> WHAT IS EXPECTED
For each entry, restate it word for word while omitting any image it holds.

---

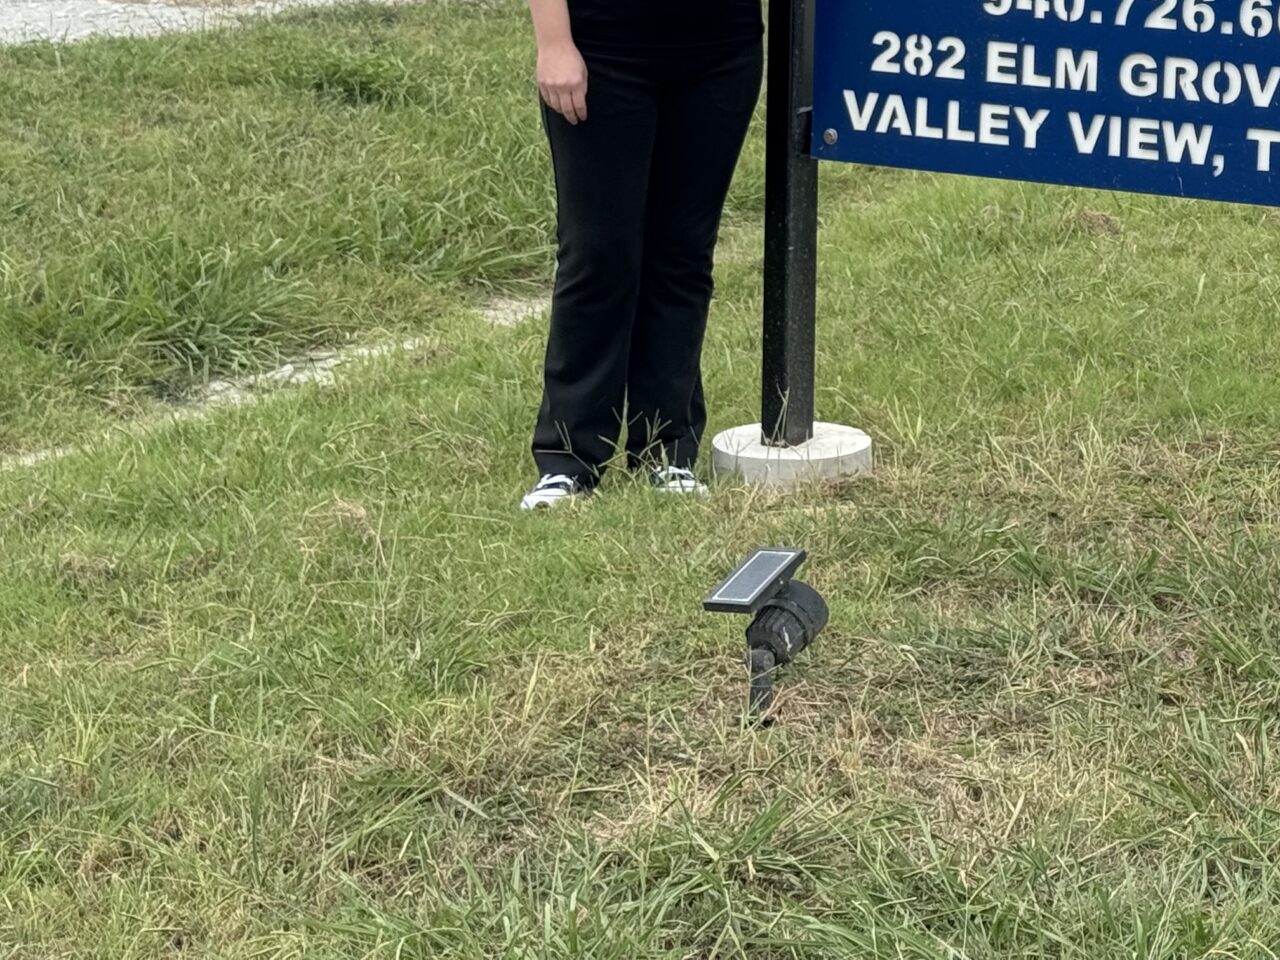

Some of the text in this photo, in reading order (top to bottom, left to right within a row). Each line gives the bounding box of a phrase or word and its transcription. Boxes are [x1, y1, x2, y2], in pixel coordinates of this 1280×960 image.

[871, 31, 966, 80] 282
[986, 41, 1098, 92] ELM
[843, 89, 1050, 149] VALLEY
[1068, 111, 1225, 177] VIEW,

---

> RESULT FOR THIS TASK
Some of the text in this photo, in reading order (top to bottom, left to right within a row). Each line gives the bounding box of a phrase or word and its transcription. Boxes are [x1, y1, x2, y2], in pixel coordinates of this 1280×960 image.

[871, 31, 966, 80] 282
[986, 41, 1098, 92] ELM
[843, 89, 1050, 149] VALLEY
[1068, 111, 1225, 177] VIEW,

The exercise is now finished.